[04-23] Dense Regions: a Different Type of Event in Graph Streams

文章来源:澳门银座娱乐平台  |  发布时间:2019-04-22  |  【打印】 【关闭


报告题目: Dense Regions: a Different Type of Event in Graph Streams

报告人:葛廷健 (University of Massachusetts, USA)

时间:10:00am, Tuesday, 23 April, 2019

地点:Room 334, 3th Floor, Building #5, Institute of Software, CAS


    A graph stream, as a special data stream, consists of a sequence of edge insertions and deletions over a dynamic graph. Analogous to general data streams, complex events have been studied on graph streams which incorporate both time order and structural relationship over basic edge events. In this talk, I will propose a new type of complex event – the occurrence of a dense region that also lasts for a long time. This turns out to be very useful in applications of various domains including telecommunication hotspot detection, road traffic control, spam network filtering, and dynamic community detection.
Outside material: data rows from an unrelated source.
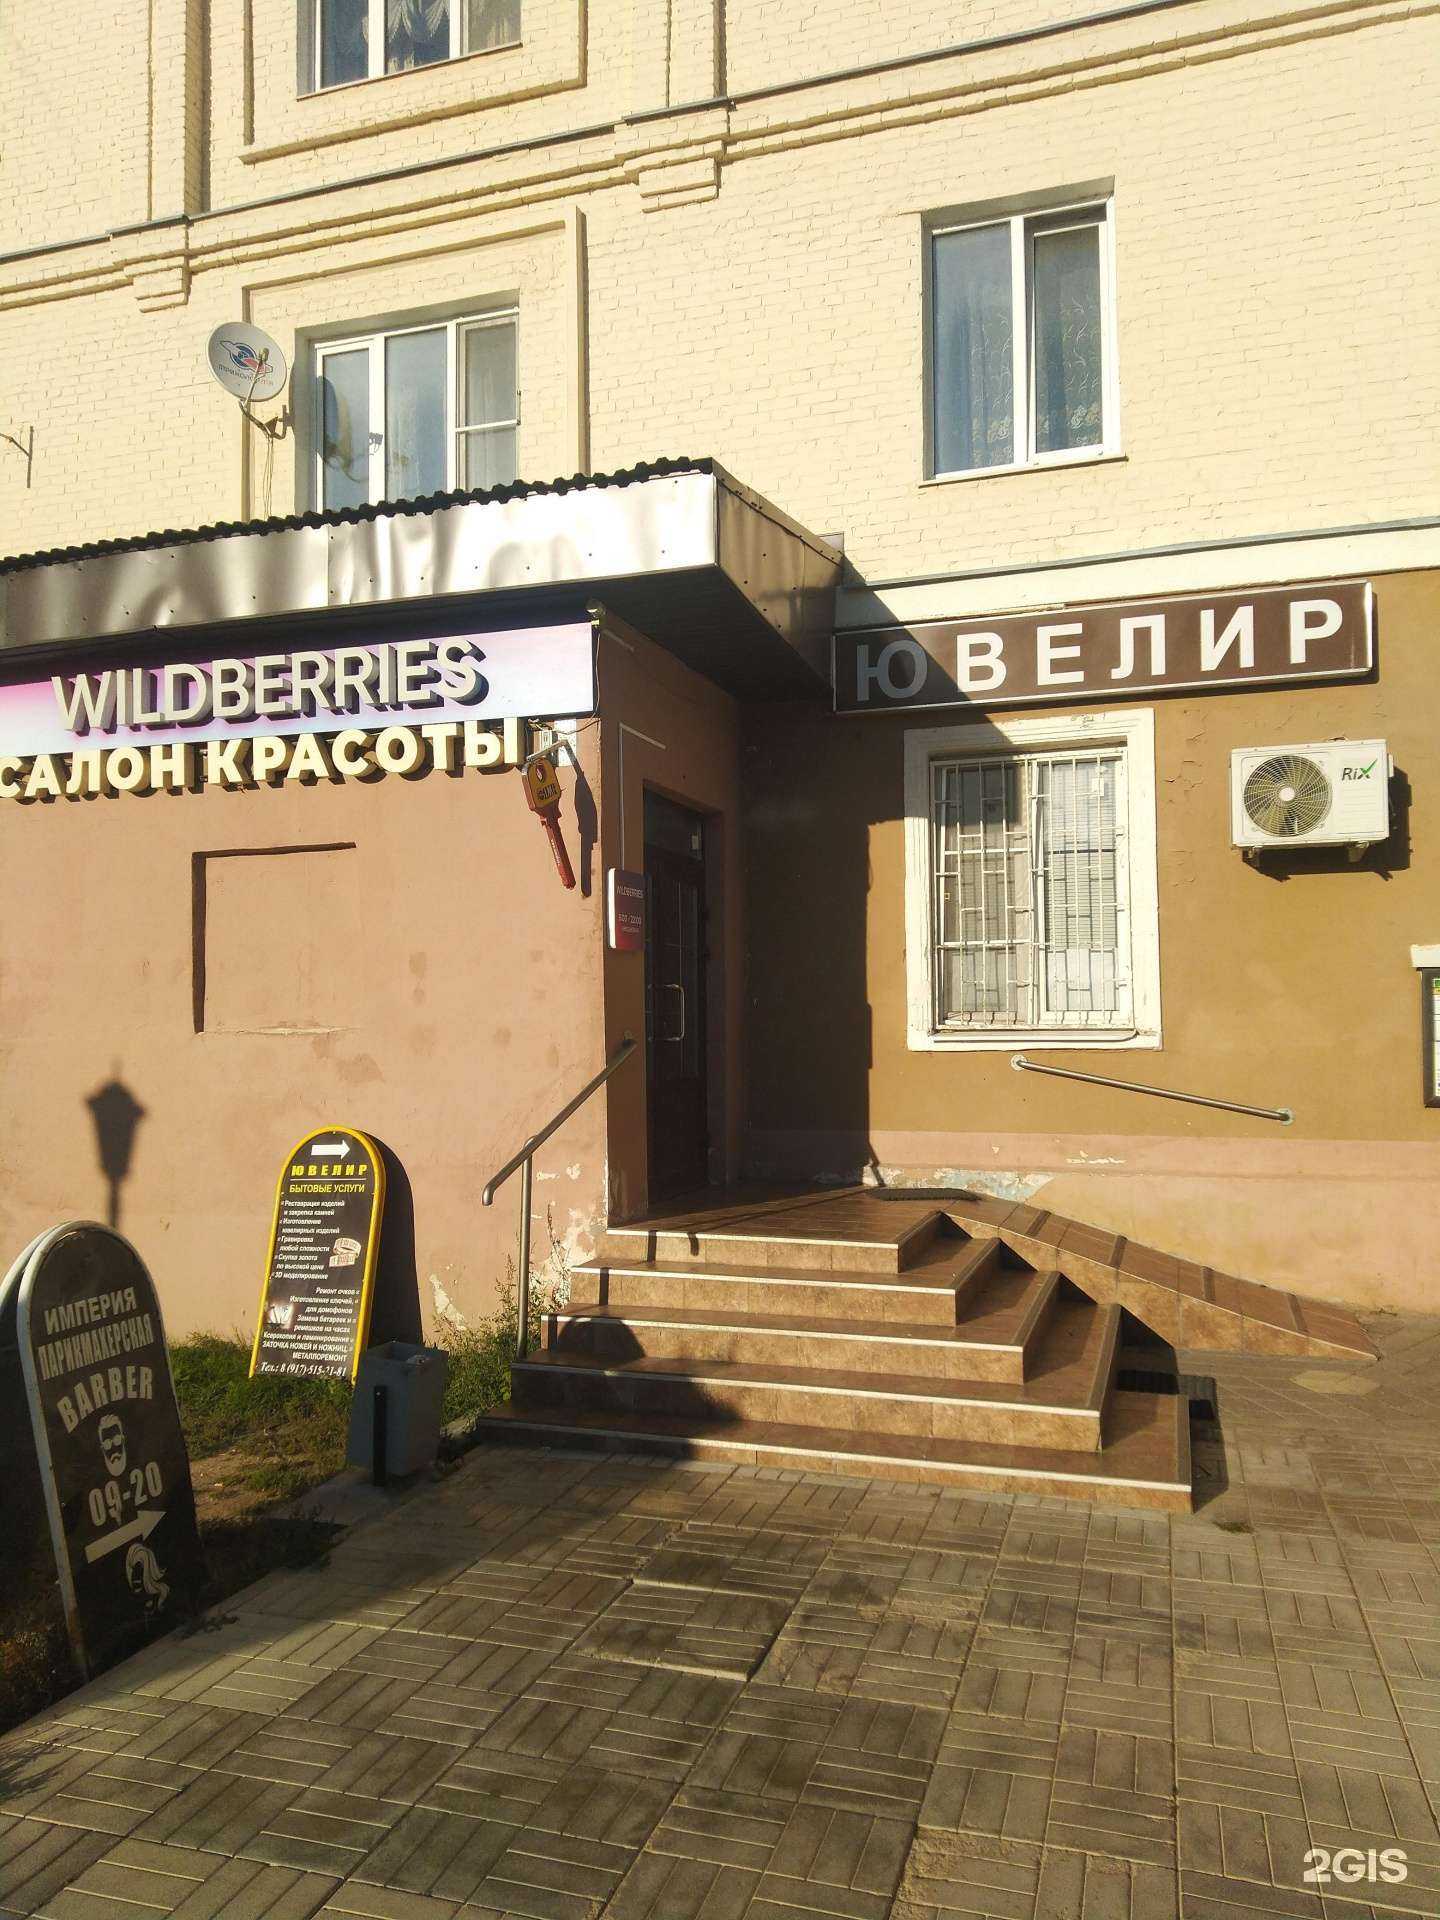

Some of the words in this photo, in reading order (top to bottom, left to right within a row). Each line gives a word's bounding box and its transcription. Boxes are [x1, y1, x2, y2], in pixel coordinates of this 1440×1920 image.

[856, 598, 1344, 702] ЮВЕЛИР
[51, 637, 482, 732] WILDBERRIES
[0, 742, 190, 798] САЛОН
[207, 718, 521, 786] КРАСОТЫ
[1341, 758, 1378, 780] Rix
[291, 1165, 368, 1176] ЮВЕЛИР
[289, 1184, 332, 1193] БЫТОВЫЕ
[333, 1184, 365, 1193] УСЛУГИ
[315, 1287, 337, 1295] Ремонт
[44, 1286, 138, 1335] ИМПЕРИЯ
[297, 1314, 319, 1322] Замена
[38, 1312, 155, 1381] ПАРИКМАХЕРСКАЯ
[262, 1341, 289, 1350] ЗАТОЧКА
[289, 1342, 311, 1351] НОЖЕЙ
[312, 1343, 318, 1351] И
[292, 1352, 348, 1362] МЕТАЛЛОРЕМОНТ
[280, 1363, 286, 1373] 8
[56, 1365, 153, 1434] BARBER
[89, 1461, 163, 1528] 09-20
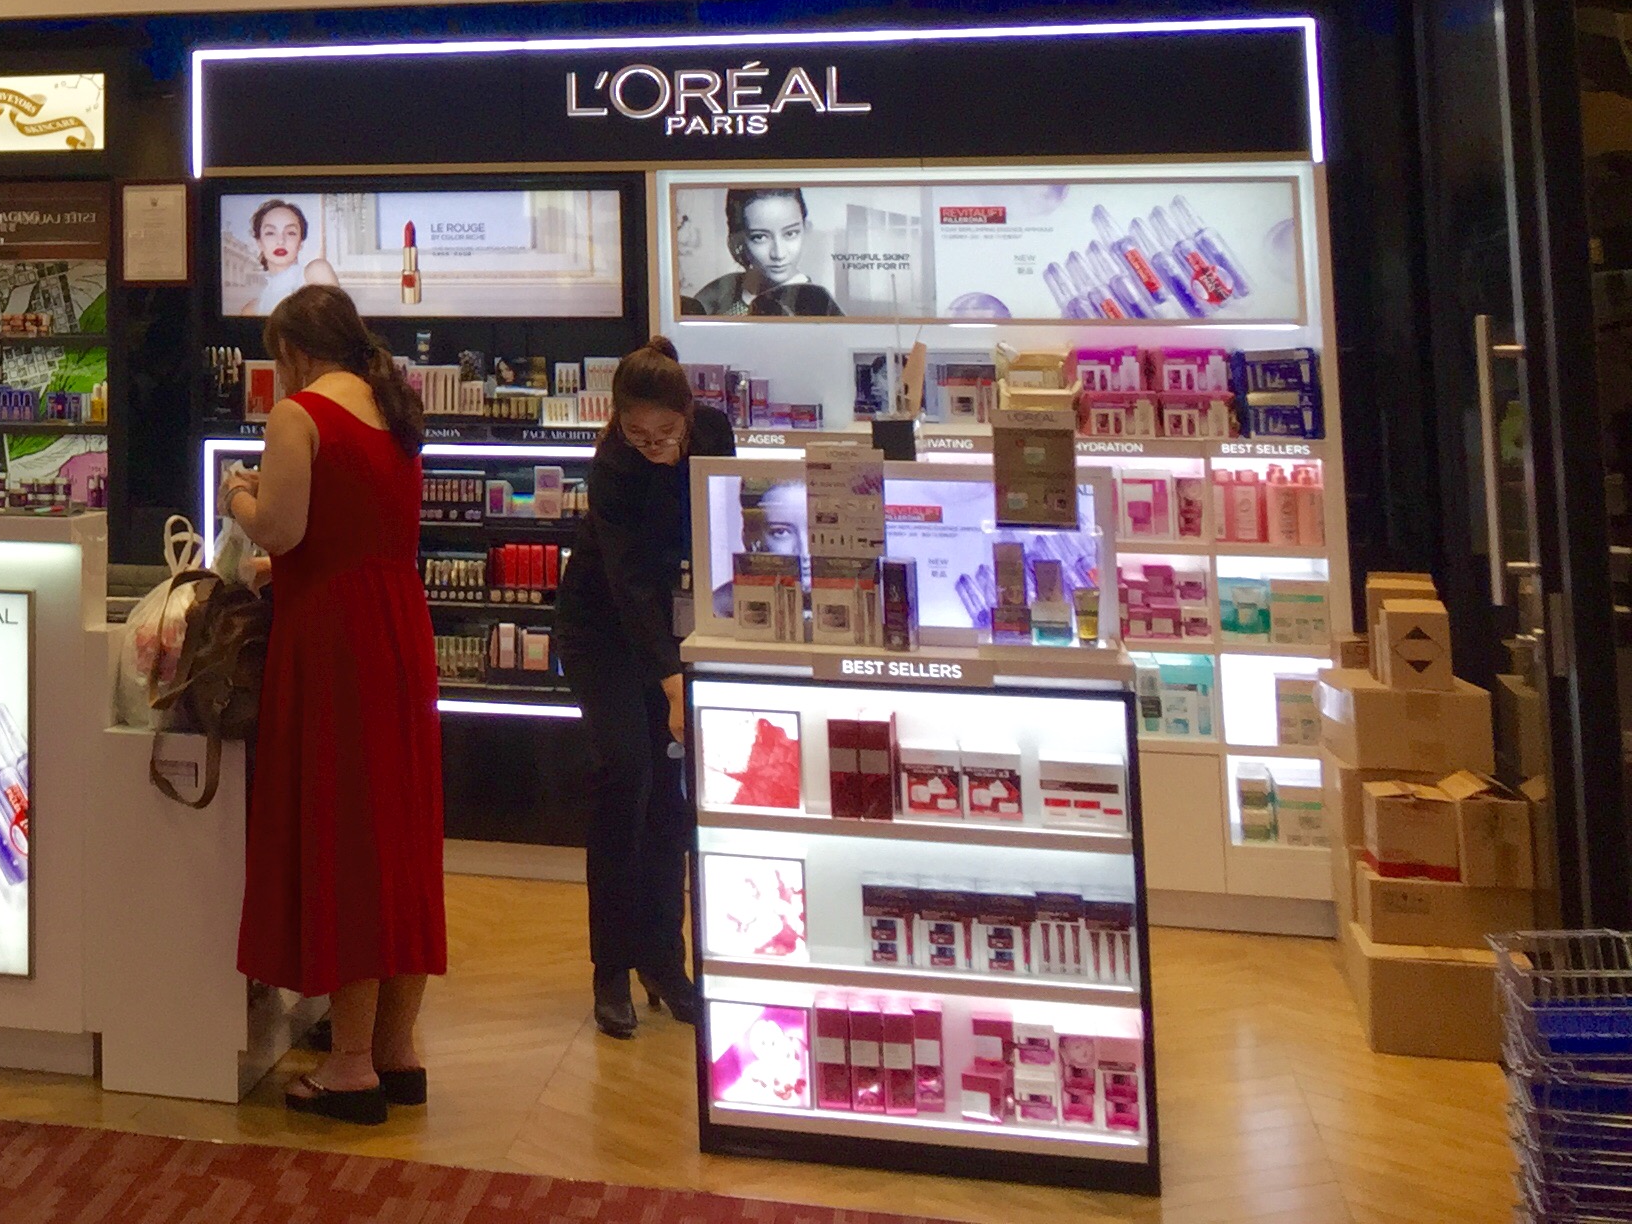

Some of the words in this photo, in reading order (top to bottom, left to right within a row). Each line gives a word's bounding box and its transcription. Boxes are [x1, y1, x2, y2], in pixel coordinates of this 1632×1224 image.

[565, 60, 872, 119] L'ORÉAL
[24, 117, 77, 135] SKINCARE
[664, 114, 769, 136] PARIS
[430, 222, 444, 233] LE
[446, 222, 485, 233] ROUGE
[831, 253, 881, 262] YOUTHFUL
[882, 253, 910, 262] SKIN?
[847, 262, 875, 270] FIGHT
[876, 262, 897, 270] FOR
[747, 434, 786, 446] AGERS
[1221, 443, 1253, 455] BEST
[1255, 443, 1311, 456] SELLERS
[841, 658, 885, 676] BEST
[887, 660, 963, 680] SELLERS
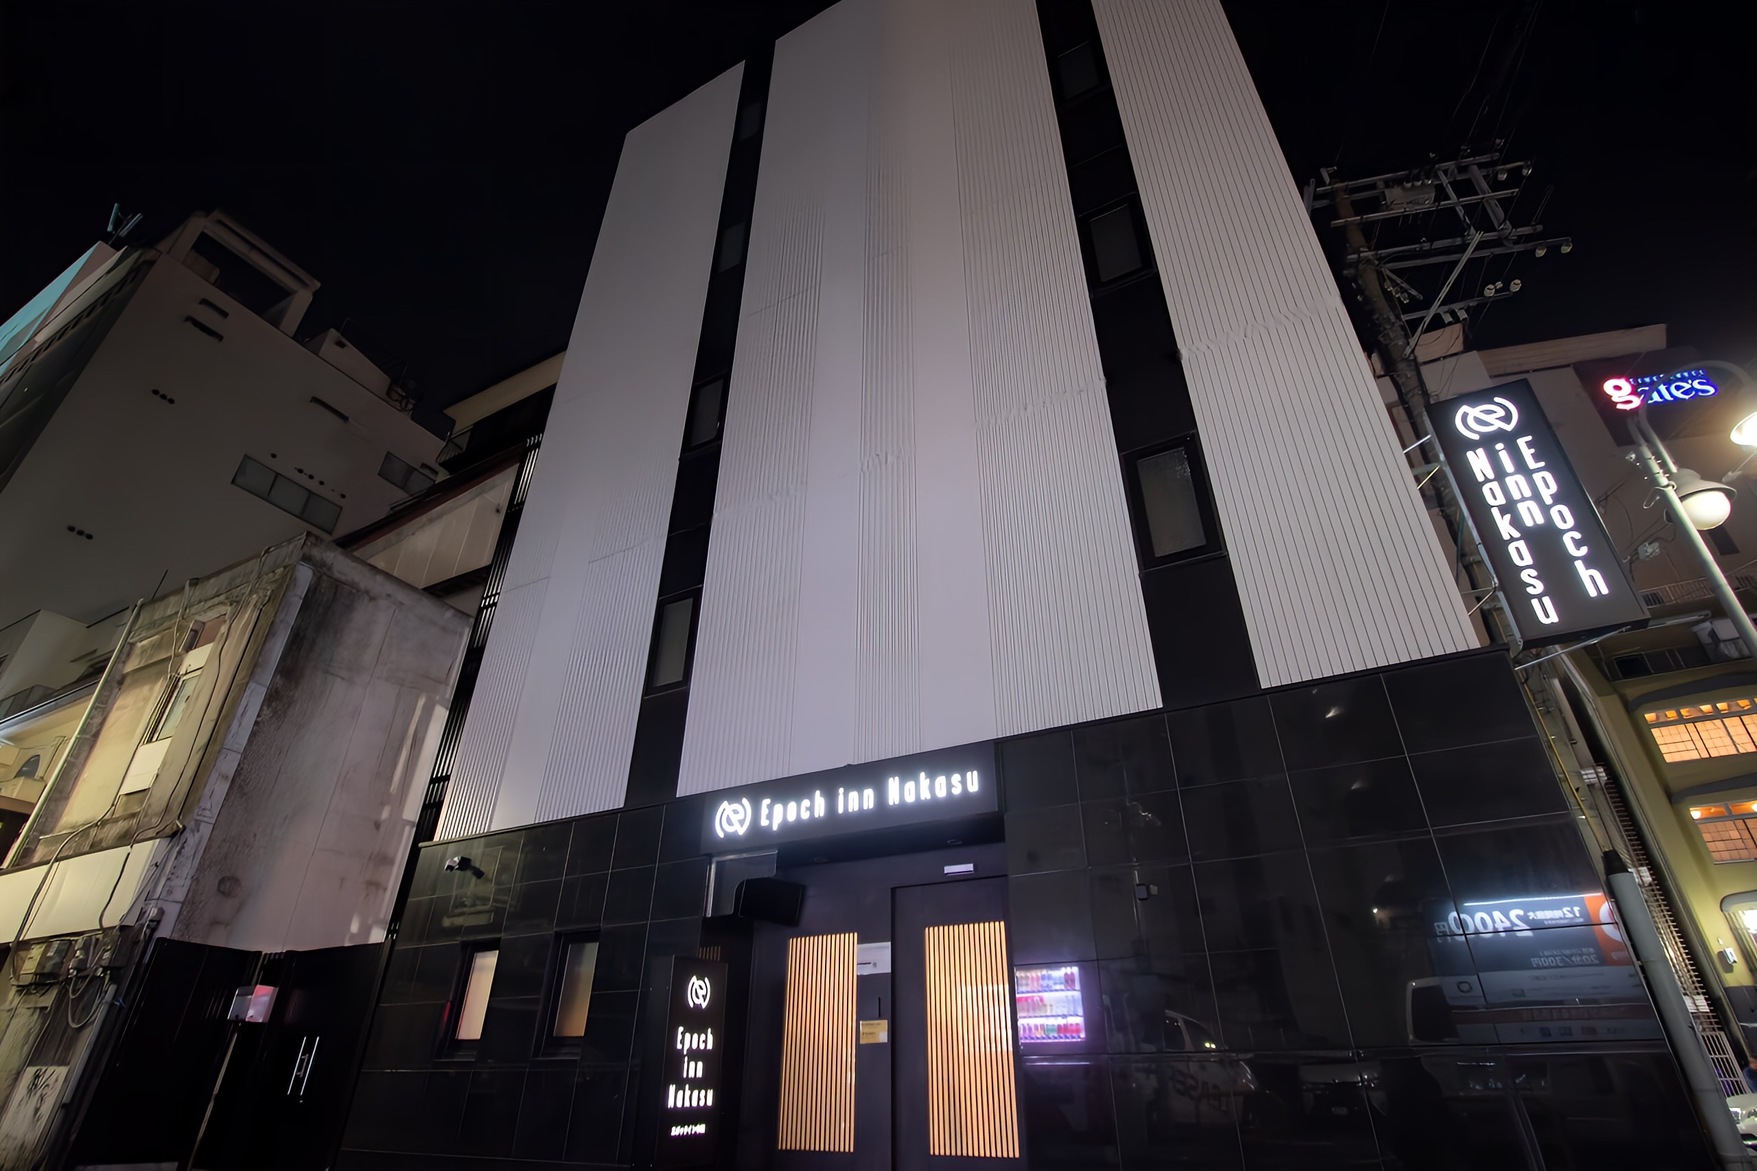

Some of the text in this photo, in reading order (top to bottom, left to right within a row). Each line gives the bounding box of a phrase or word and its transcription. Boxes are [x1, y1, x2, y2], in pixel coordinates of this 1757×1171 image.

  To efficiently discover dense regions, we propose an algorithmic framework called the Expectation-Maximization with a Utility function (EMU), a novel stochastic approach that nontrivially extends the conventional EM. We validate our EMU approach by showing that it converges to the optimum—by proving that it is a specification of the general Minorization-Maximization (MM) framework with convergence guarantees. We then devise EMU algorithms for the densest lasting subgraph problem. Using real-world graph streams, we experimentally verify the effectiveness and efficiency of our techniques.

Speaker Biography:

    Tingjian Ge is an associate professor in Computer Science at the University of Massachusetts, Lowell. He received a Ph.D. from Brown University in 2009. Prior to that, he got his Bachelor’s and Master’s degrees in Computer Science from Tsinghua University and UC Davis, respectively, and worked at Informix and IBM for six years. His research areas are in data management and analytics, with a recent focus on applying machine learning, AI, and algorithmic techniques in data management and mining. He is a recipient of the NSF CAREER Award in 2012, and a Teaching Excellence Award at UMass Lowell in 2014.